Phrase grounding data

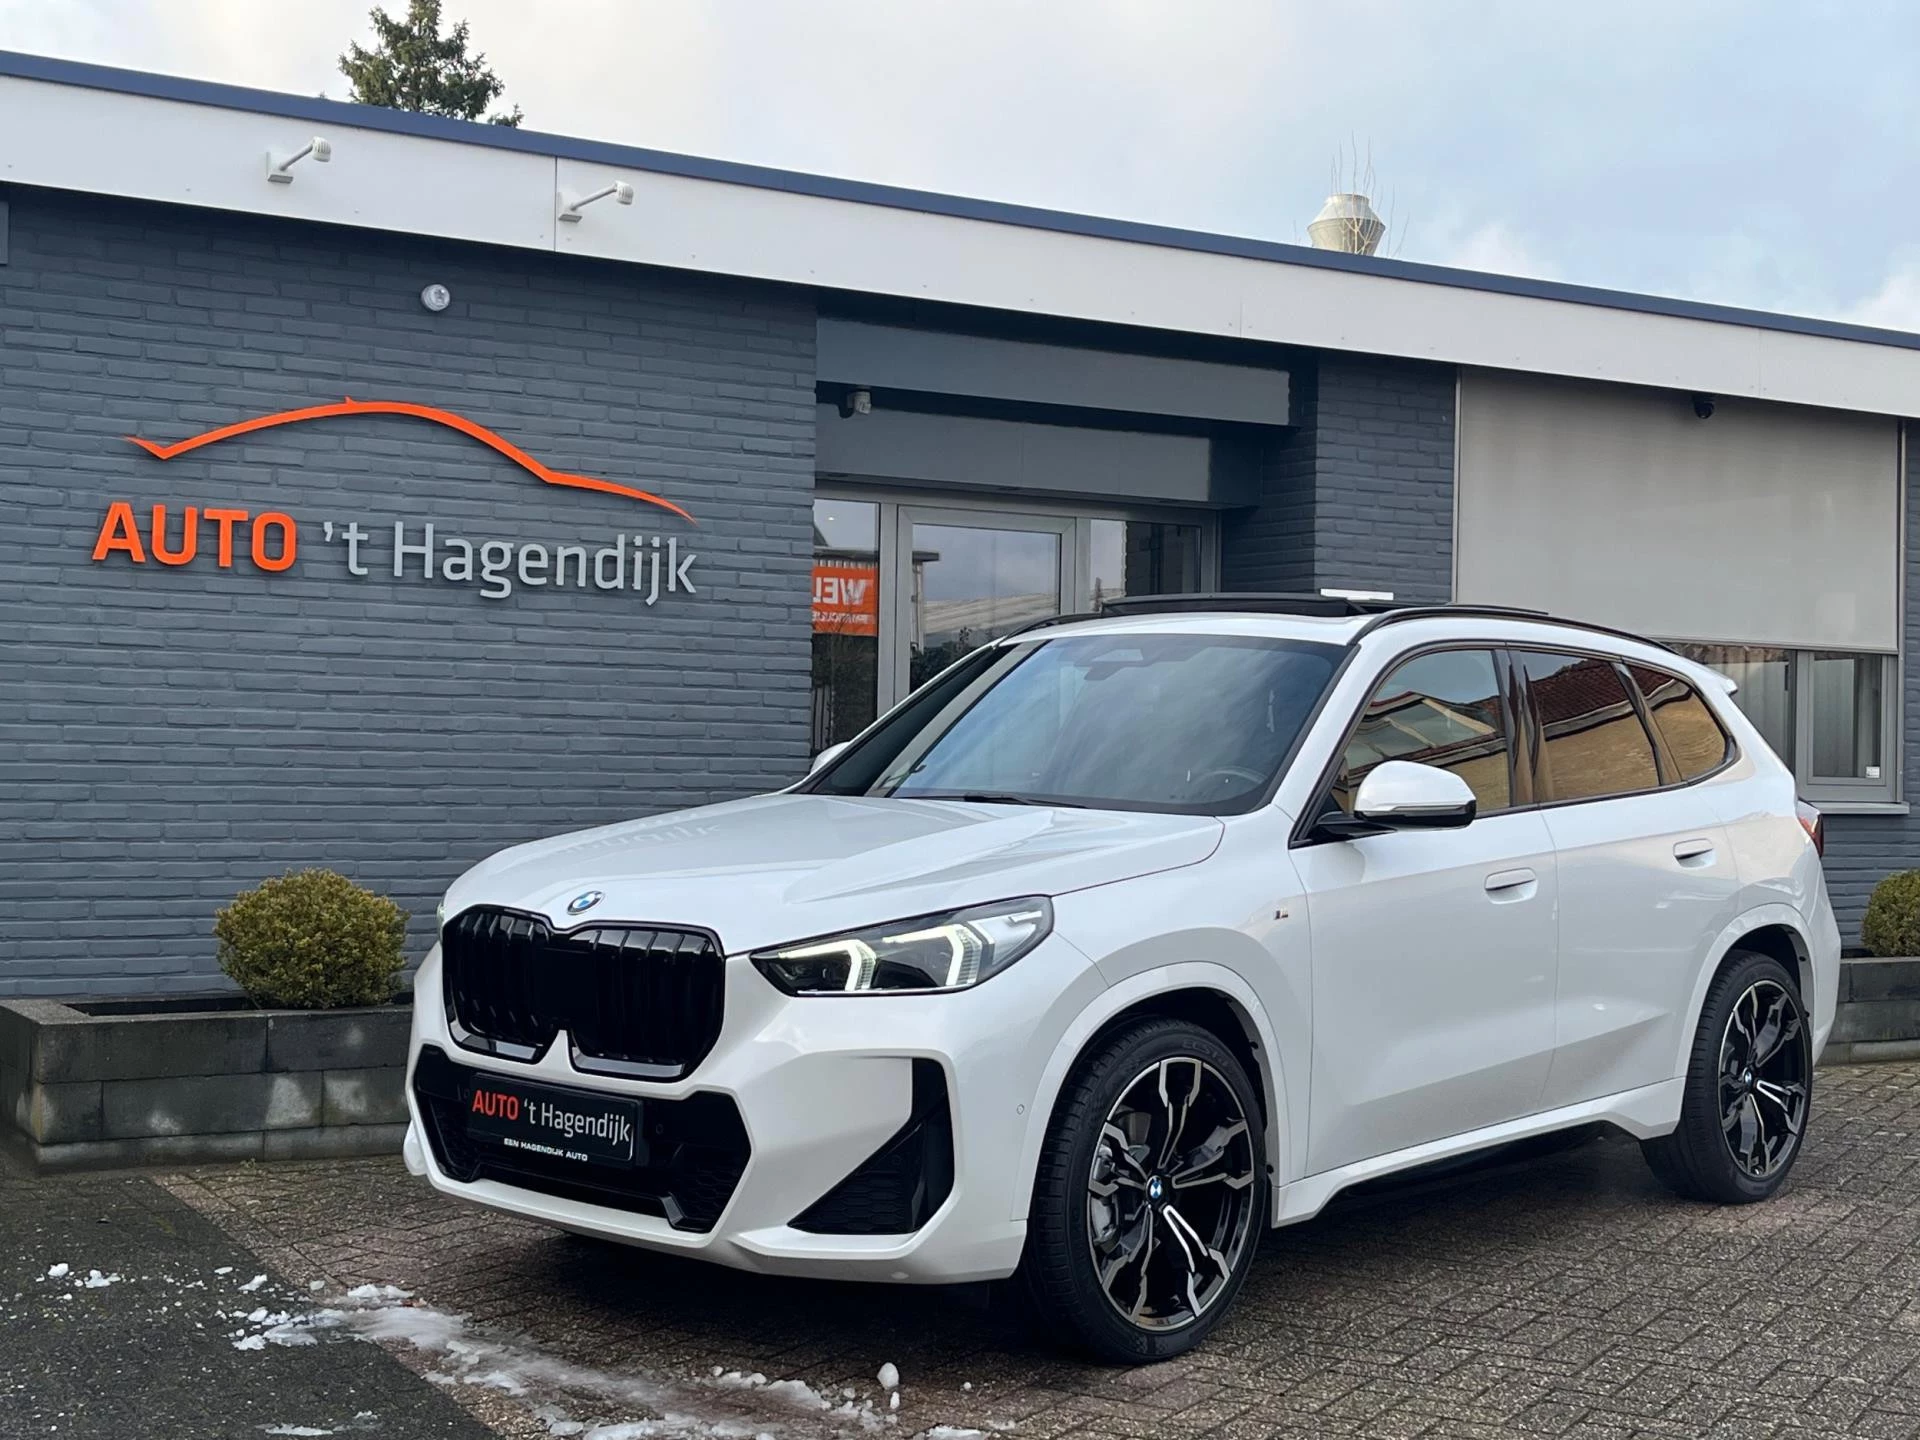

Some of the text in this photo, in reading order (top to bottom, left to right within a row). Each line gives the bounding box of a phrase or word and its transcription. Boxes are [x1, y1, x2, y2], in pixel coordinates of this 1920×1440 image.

[92, 502, 297, 573] AUTO
[392, 520, 698, 606] Hagendijk
[472, 1089, 519, 1121] AUTO
[541, 1101, 632, 1146] Hagendijk
[503, 1137, 588, 1162] EEN HAGENDIJK AUTO

*Work item:*
All the records above must be retyped exactly, except for their pictures.

*Reply:*
Some of the text in this photo, in reading order (top to bottom, left to right within a row). Each line gives the bounding box of a phrase or word and its transcription. Boxes are [x1, y1, x2, y2], in pixel coordinates of this 1920×1440 image.

[92, 502, 297, 573] AUTO
[392, 520, 698, 606] Hagendijk
[472, 1089, 519, 1121] AUTO
[541, 1101, 632, 1146] Hagendijk
[503, 1137, 588, 1162] EEN HAGENDIJK AUTO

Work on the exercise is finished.